Several of the terminated employees had been involved in labor discussions, according to the union, including at least one who was a member of the organizing committee.
“This is a form of collective retaliation against the group of workers that started this organizing effort,” said Jaz Brisack, a Workers United organizer who is helping spearhead the Tesla union drive. The terminations are “designed to terrify everyone about potential consequences of them organizing, as well as to attempt to cull the herd,” she said.
In a blog post late Thursday, Tesla denied that it acted in response to the union campaign, and said the terminations were decided earlier in the month as part of a routine performance-review process.
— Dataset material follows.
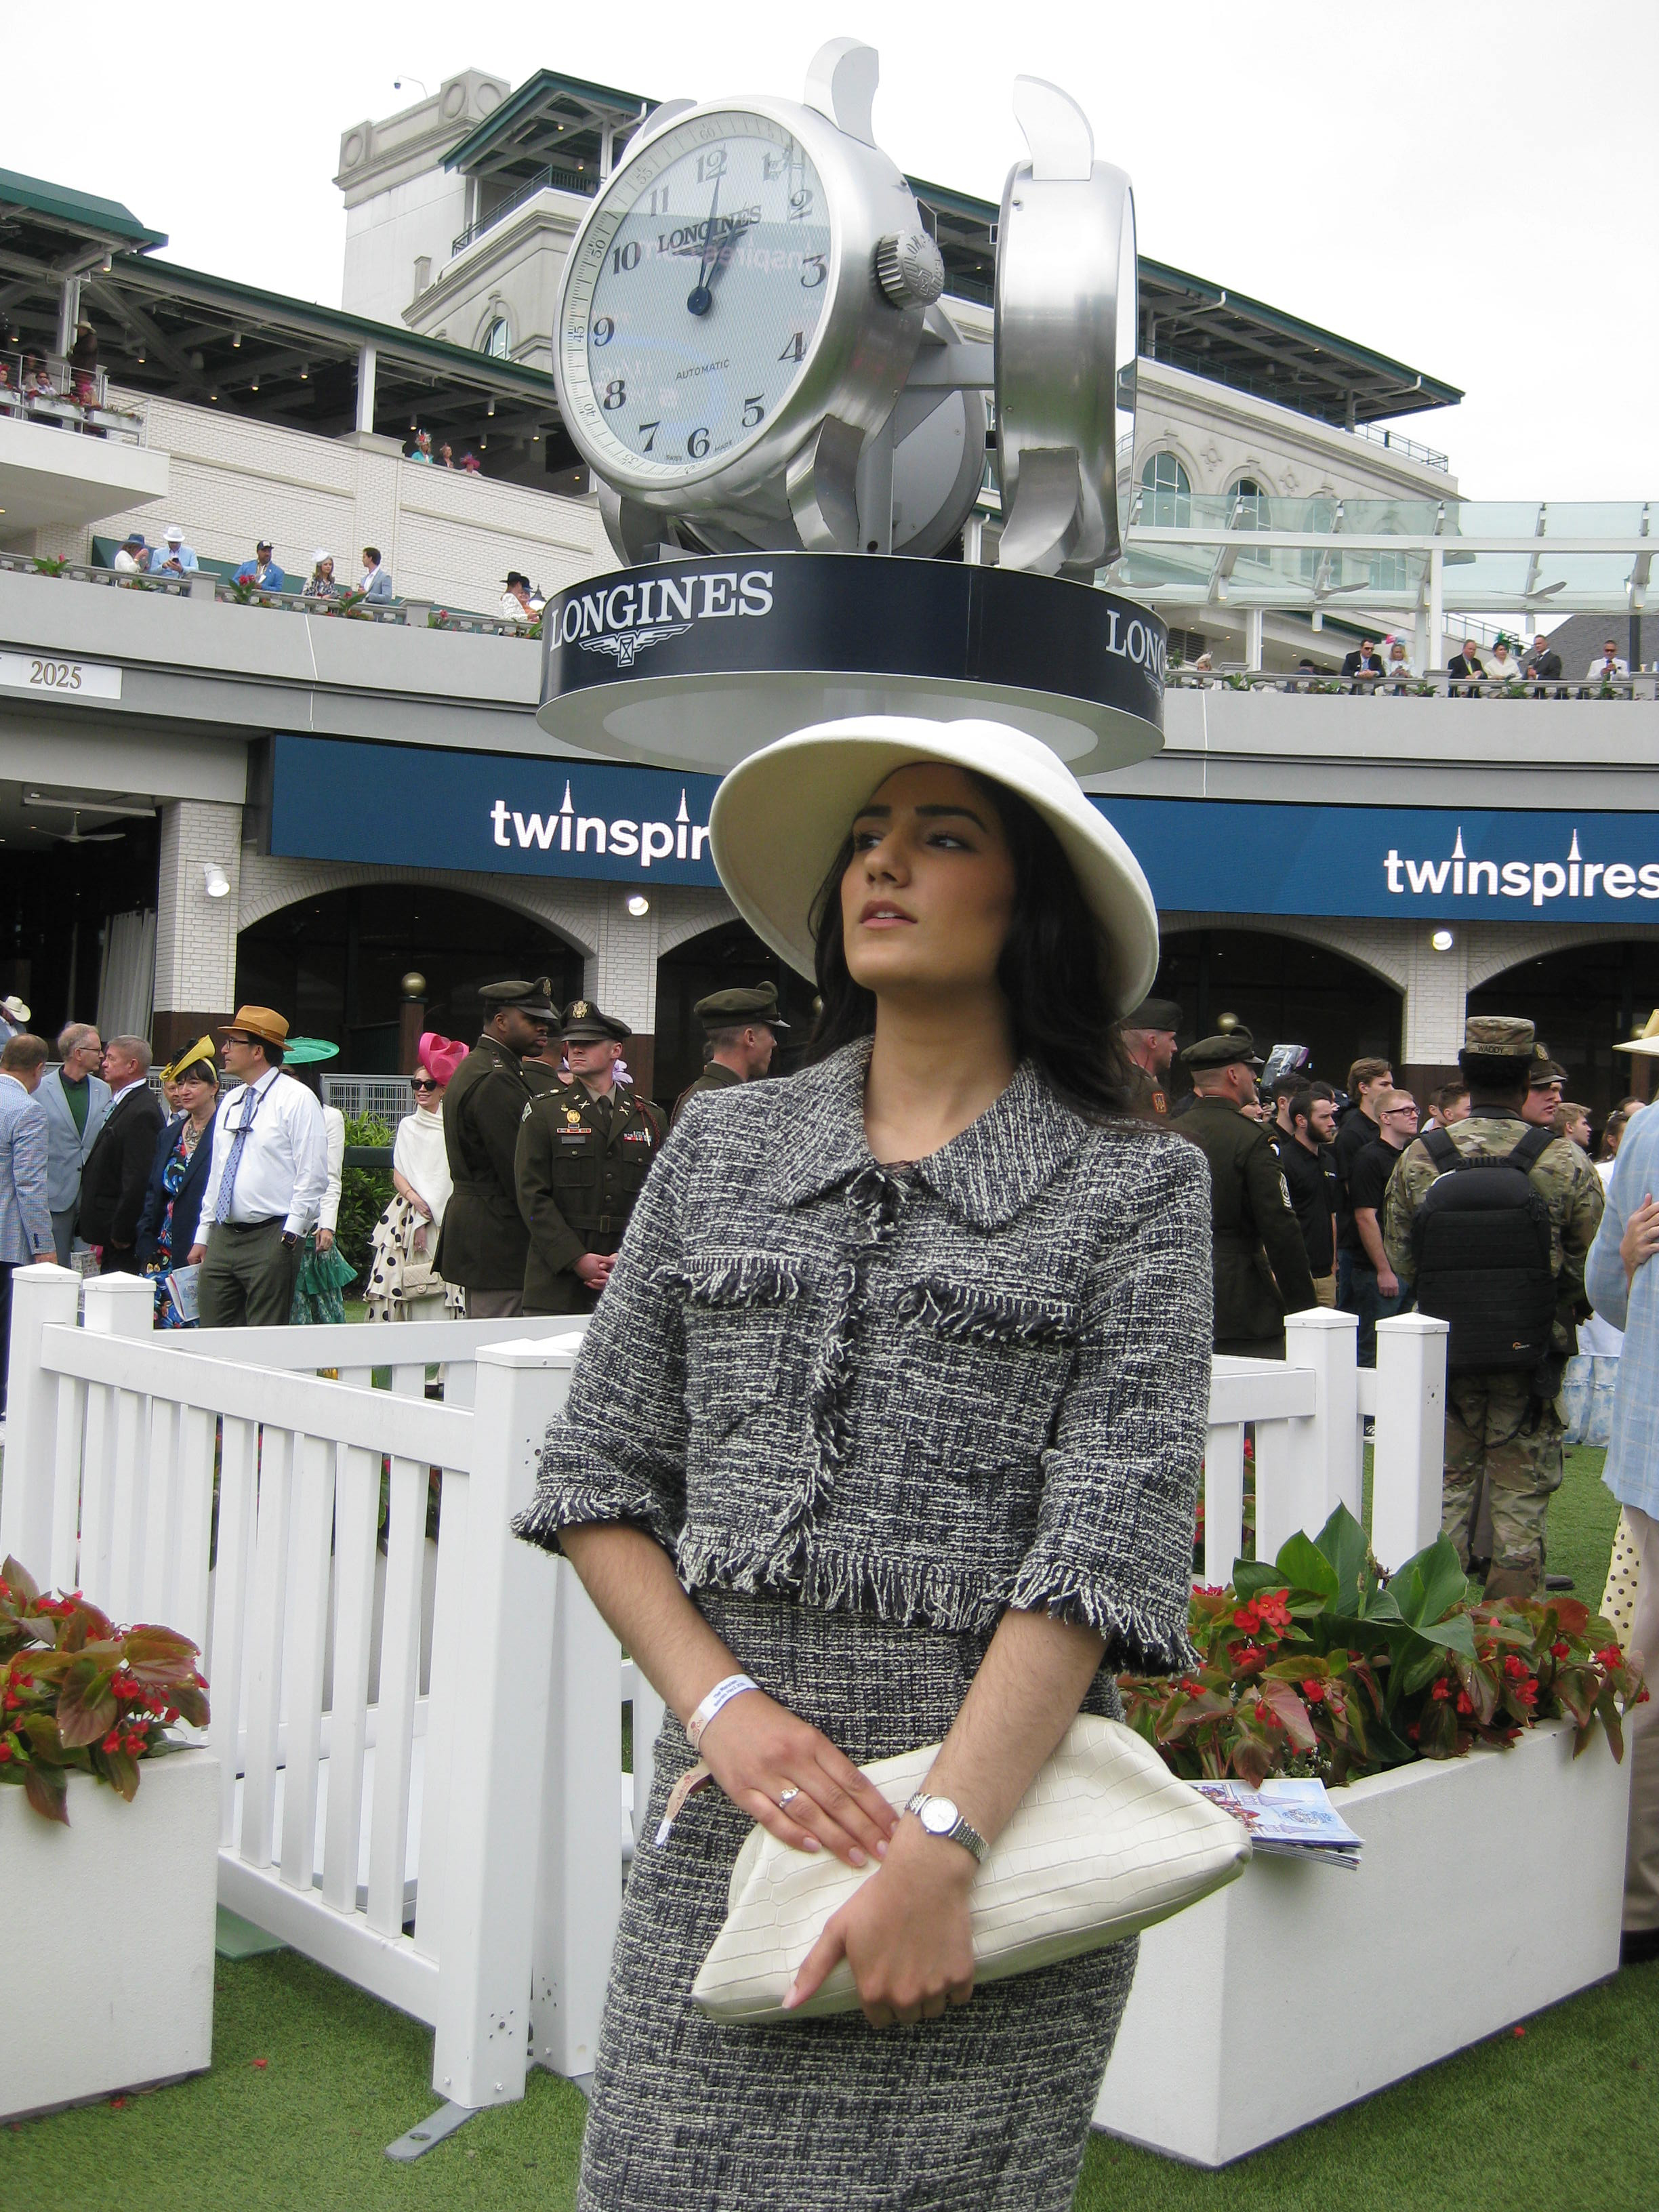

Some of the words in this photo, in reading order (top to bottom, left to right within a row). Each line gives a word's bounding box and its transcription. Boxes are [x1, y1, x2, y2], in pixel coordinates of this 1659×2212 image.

The company said it had 675 employees who label data for Tesla’s Autopilot system in Buffalo, and that the 4% it fired had “received prior feedback on their poor performance from their managers.”
Read more: Tesla Autopilot workers launch union campaign in New York
An organizing committee of 25 employees had sent an email to Chief Executive Officer Elon Musk early Tuesday with their intent to unionize.
Arian Berek, one of the organizers, was among those terminated, according to the union’s filing.
“I feel blindsided,” she said in a statement provided by the union. “I got COVID and was out of the office, then I had to take a bereavement leave. I returned to work, was told I was exceeding expectations and then Wednesday came along.”
The Autopilot analysts are non-engineering roles that contribute to Tesla’s automated-driving development, including by identifying objects in images its vehicles capture and helping its systems recognize them on the road, according to the union.